▶ Problem: Return every line of the data below exactly, but do not include the images.

** Input for this task follows **

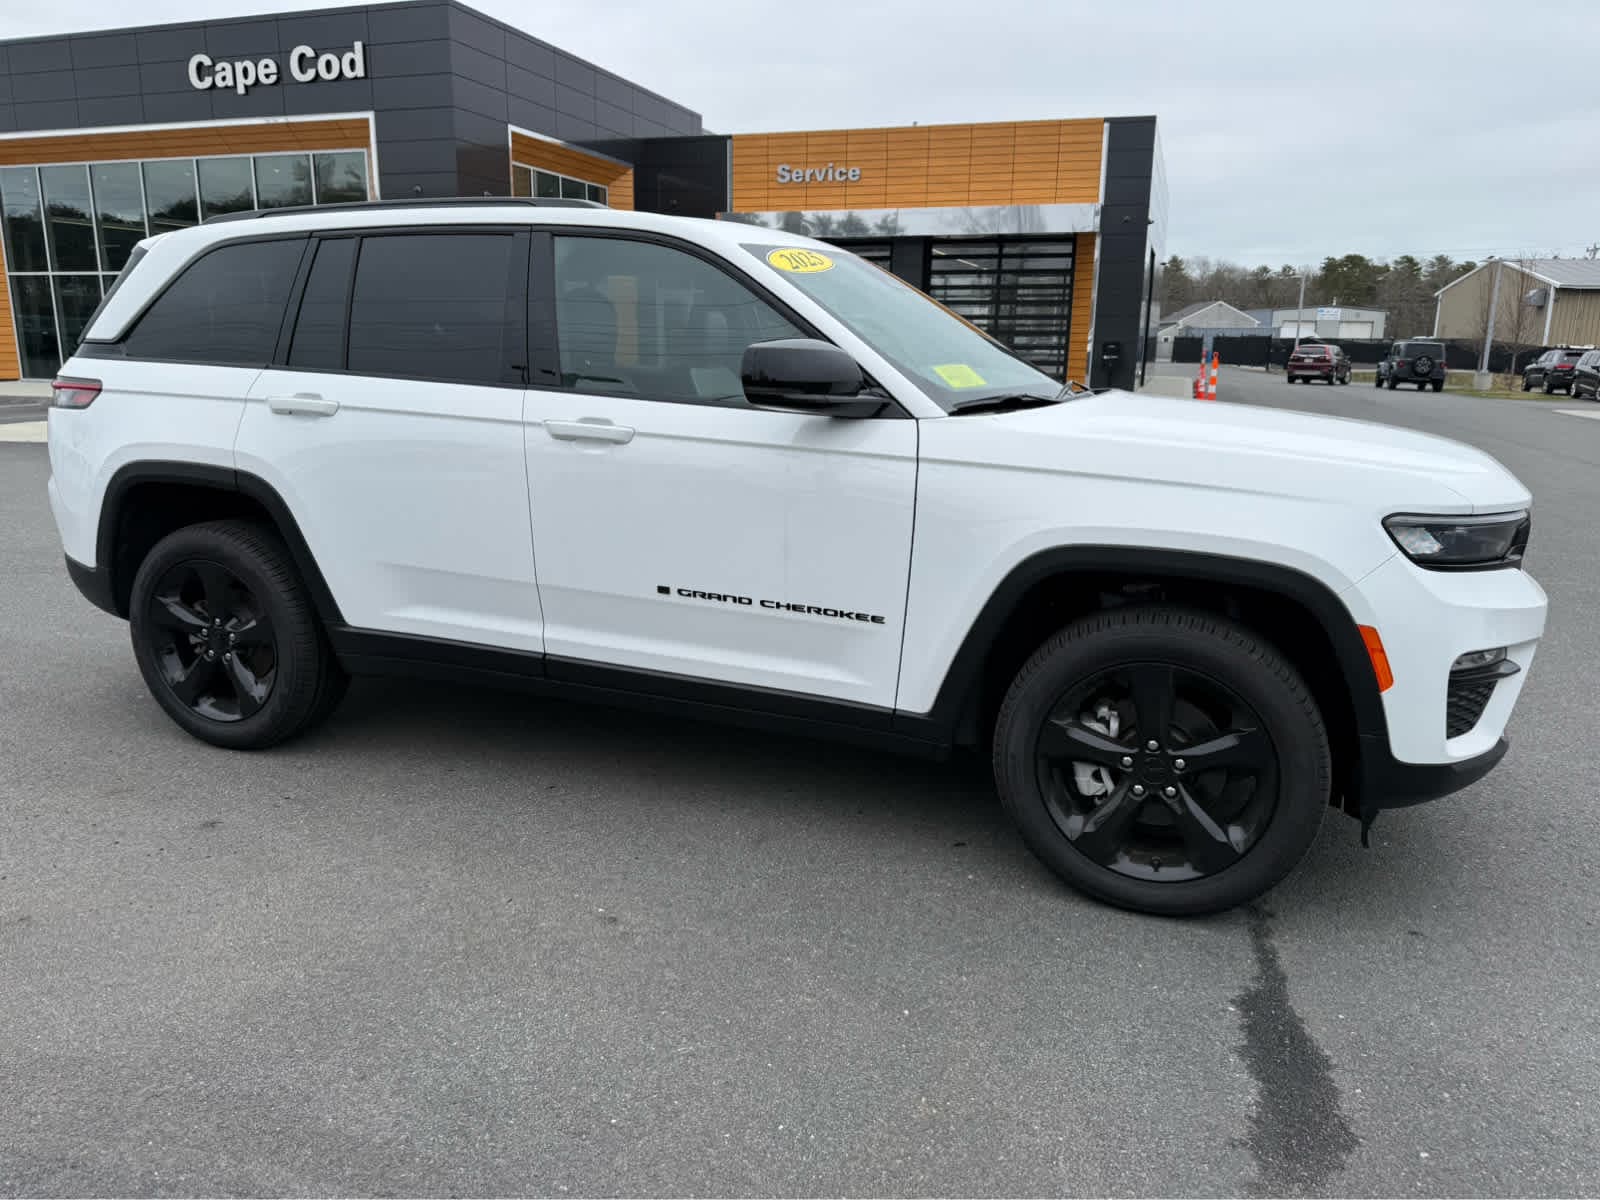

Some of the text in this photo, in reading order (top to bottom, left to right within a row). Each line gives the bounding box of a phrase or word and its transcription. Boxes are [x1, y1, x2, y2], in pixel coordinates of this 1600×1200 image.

[188, 41, 366, 95] Cape Cod
[776, 162, 861, 184] Service
[780, 251, 825, 270] 2025
[677, 587, 886, 625] GRAND CHEROKEE
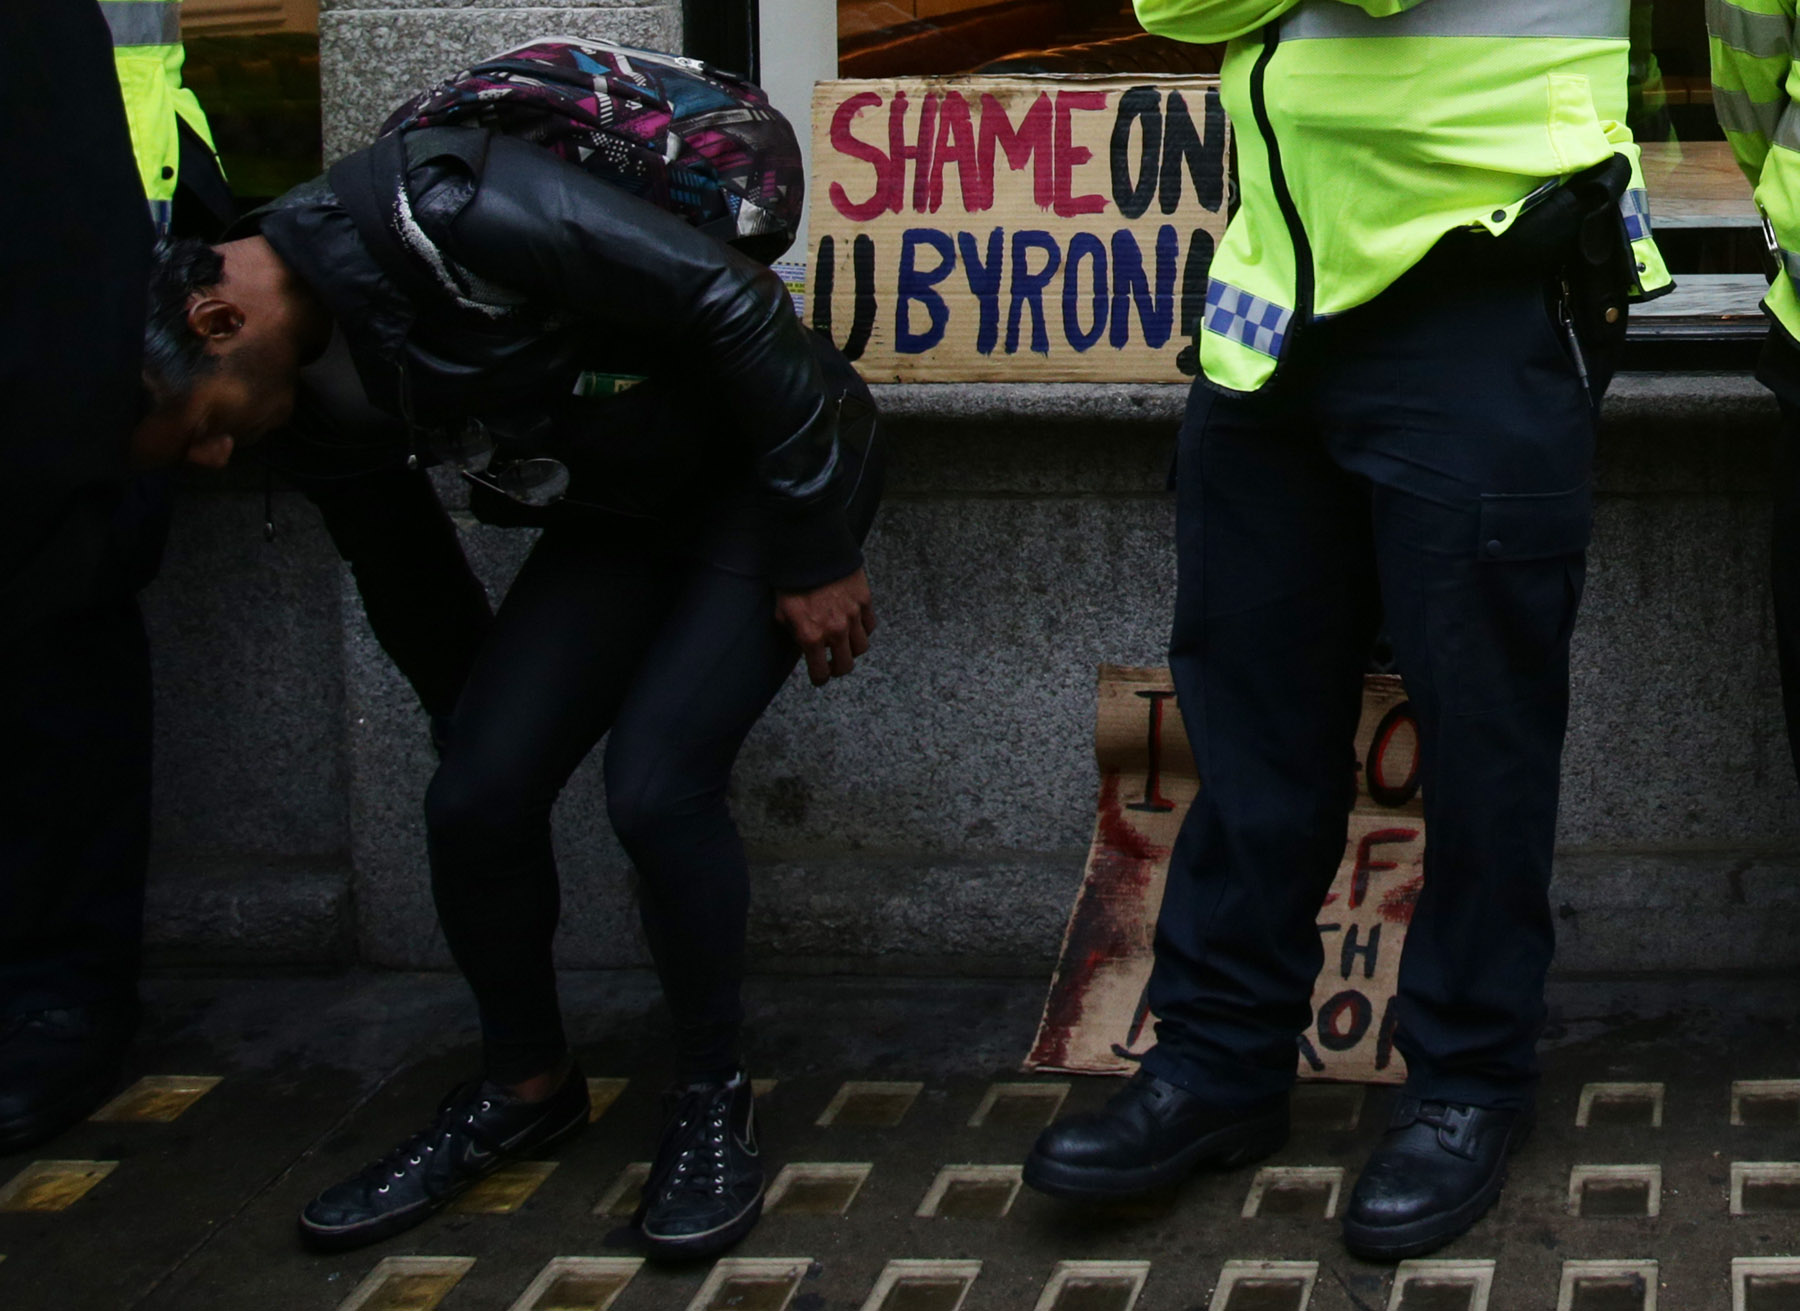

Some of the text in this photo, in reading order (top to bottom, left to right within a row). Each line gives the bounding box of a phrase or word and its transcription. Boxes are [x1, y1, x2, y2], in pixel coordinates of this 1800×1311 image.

[829, 85, 1226, 222] SHAME ON
[812, 234, 877, 363] U
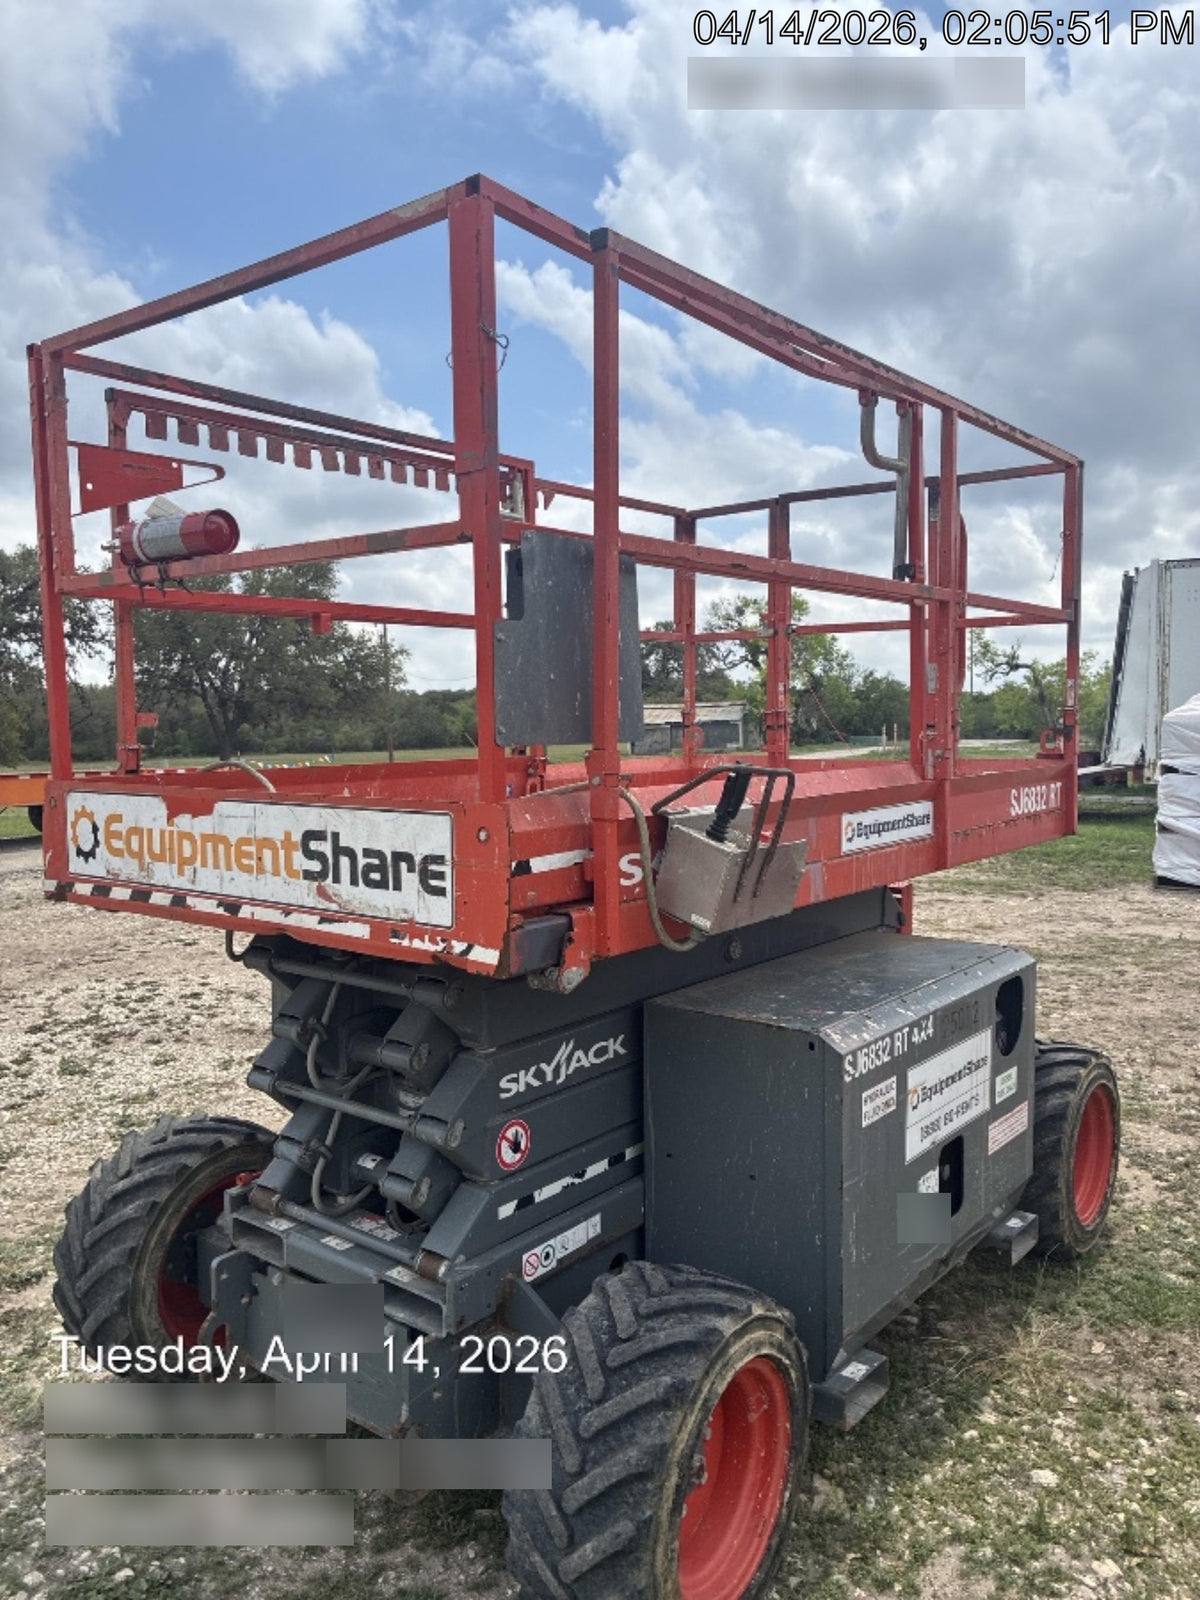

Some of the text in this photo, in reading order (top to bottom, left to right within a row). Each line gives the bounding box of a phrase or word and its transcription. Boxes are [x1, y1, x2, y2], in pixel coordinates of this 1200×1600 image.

[856, 813, 931, 840] EquipmentShare
[1010, 781, 1062, 817] SJ6832 RT
[103, 813, 447, 897] EquipmentShare
[499, 1034, 628, 1099] SKYJACK
[843, 1036, 892, 1083] SJ6832
[893, 1026, 909, 1057] RT

** End of Input for this task **

▶ Output for this task:
Some of the text in this photo, in reading order (top to bottom, left to right within a row). Each line gives the bounding box of a phrase or word and its transcription. Boxes are [x1, y1, x2, y2], in pixel coordinates of this 1600×1200 image.

[188, 41, 366, 95] Cape Cod
[776, 162, 861, 184] Service
[780, 251, 825, 270] 2025
[677, 587, 886, 625] GRAND CHEROKEE

Some of the text in this photo, in reading order (top to bottom, left to right within a row). Each line gives the bounding box of a phrase or word and its transcription. Boxes are [x1, y1, x2, y2], in pixel coordinates of this 1800×1311 image.

[829, 85, 1226, 222] SHAME ON
[812, 234, 877, 363] U

Some of the text in this photo, in reading order (top to bottom, left to right within a row). Each line gives the bounding box of a phrase or word and its transcription. Boxes are [x1, y1, x2, y2], in pixel coordinates of this 1200×1600 image.

[856, 813, 931, 840] EquipmentShare
[1010, 781, 1062, 817] SJ6832 RT
[103, 813, 447, 897] EquipmentShare
[499, 1034, 628, 1099] SKYJACK
[843, 1036, 892, 1083] SJ6832
[893, 1026, 909, 1057] RT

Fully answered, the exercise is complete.